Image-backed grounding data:

= Beginning of Section =

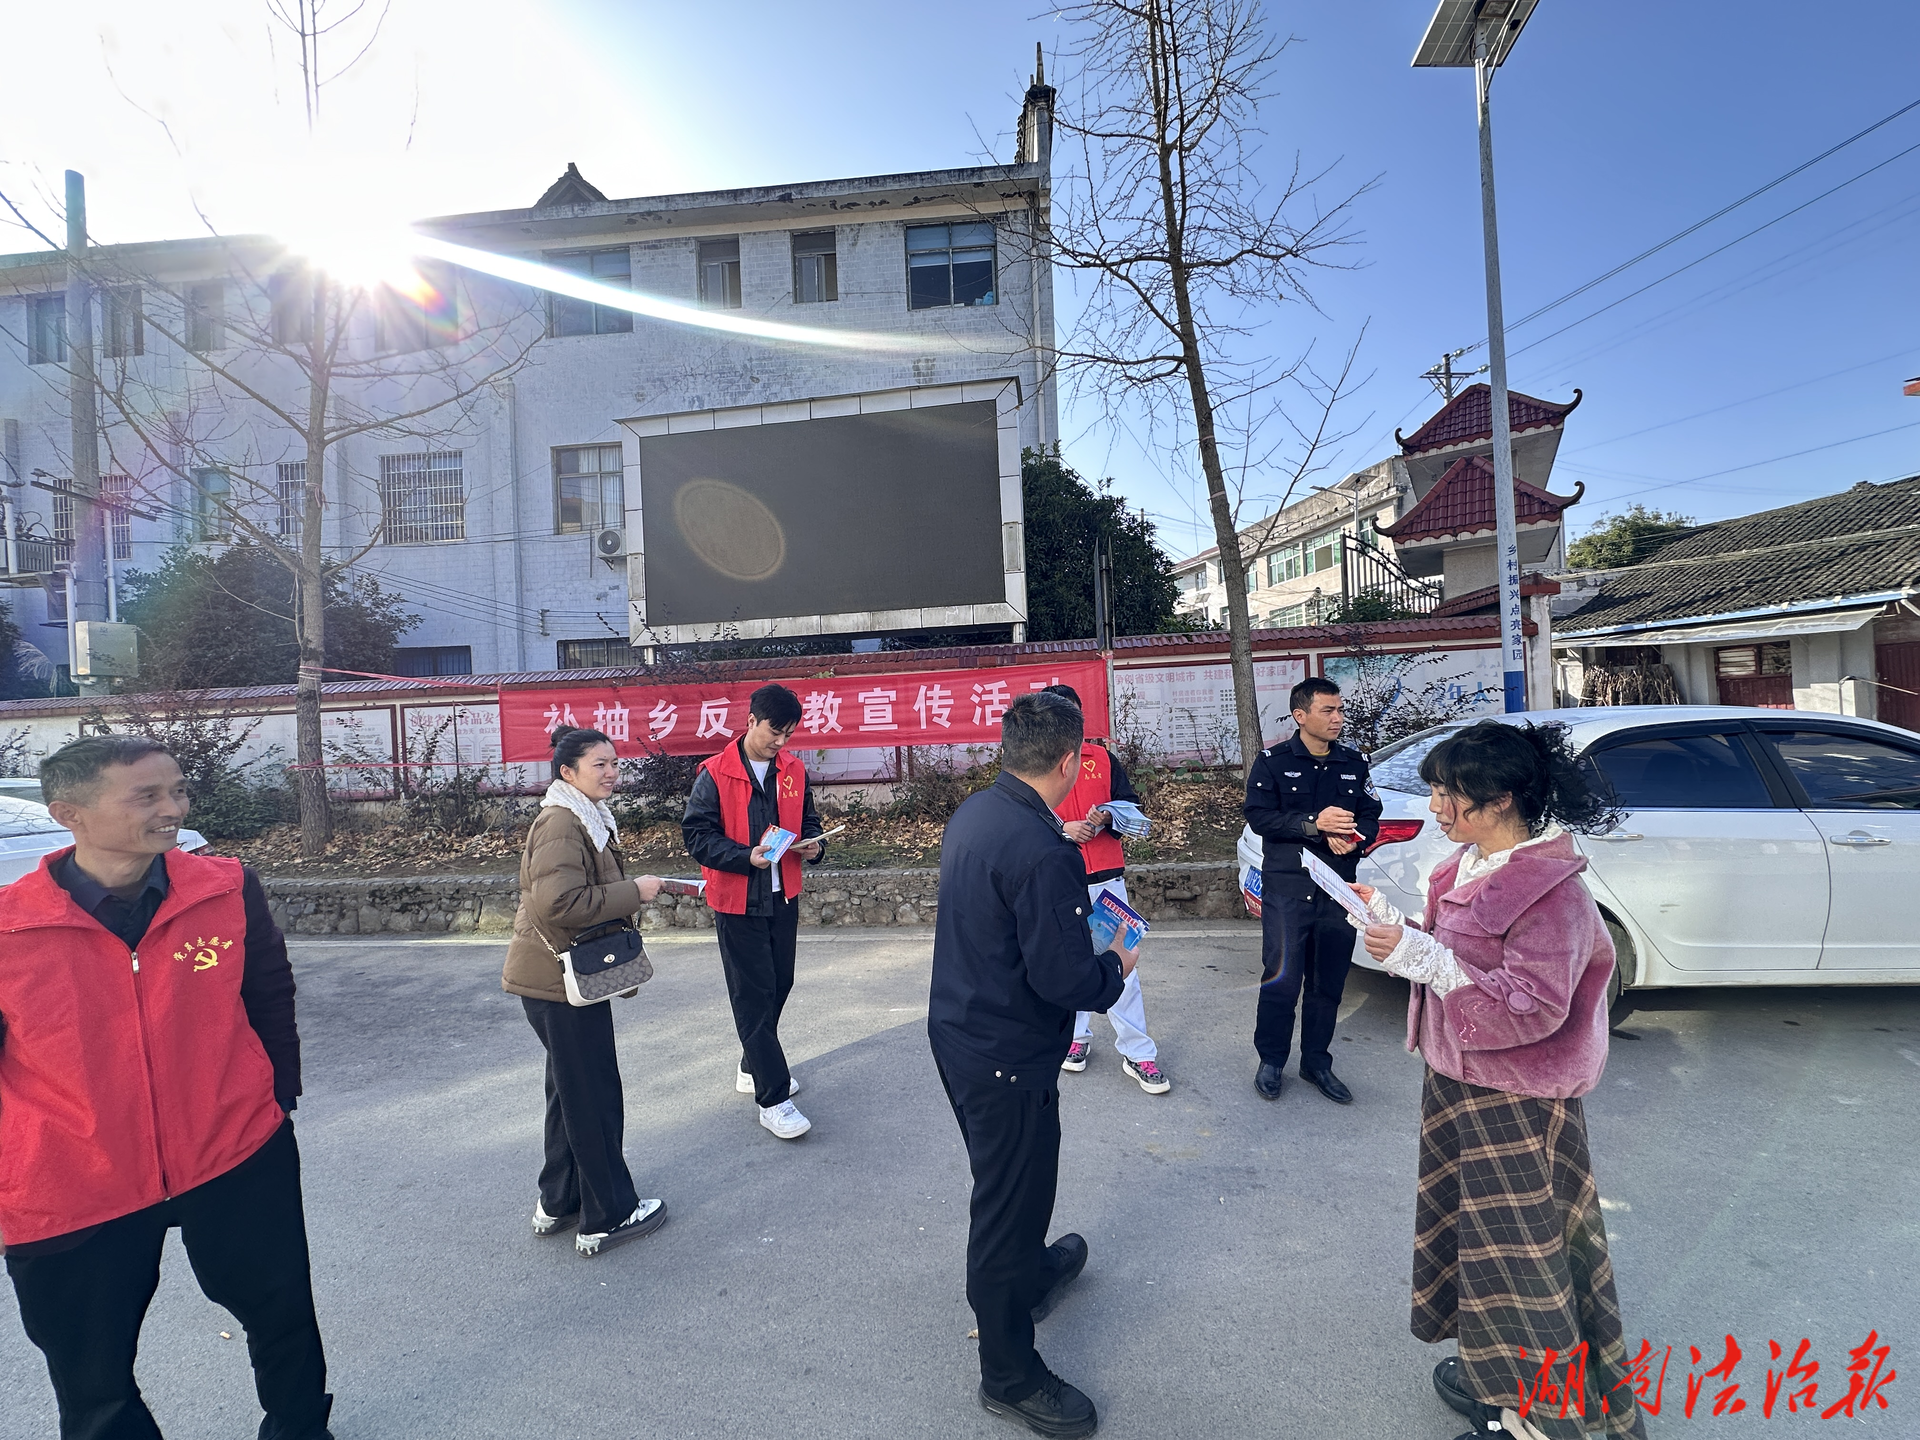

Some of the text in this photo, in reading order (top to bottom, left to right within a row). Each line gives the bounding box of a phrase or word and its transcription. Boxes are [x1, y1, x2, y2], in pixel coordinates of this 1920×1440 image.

[1506, 544, 1523, 661] 乡村振兴点亮家园
[1203, 665, 1287, 681] 共建和好家园
[543, 677, 1060, 742] 补抽乡反教宣传活
[173, 936, 234, 961] 党员志愿者

= End of Section =

### What the task requires
What you print must match the entries exactly, except that no pictures appear.

### Result of the exercise
Some of the text in this photo, in reading order (top to bottom, left to right within a row). Each line gives the bounding box of a phrase or word and its transcription. Boxes are [x1, y1, x2, y2], in pixel coordinates of this 1920×1440 image.

[1506, 544, 1523, 661] 乡村振兴点亮家园
[1203, 665, 1287, 681] 共建和好家园
[543, 677, 1060, 742] 补抽乡反教宣传活
[173, 936, 234, 961] 党员志愿者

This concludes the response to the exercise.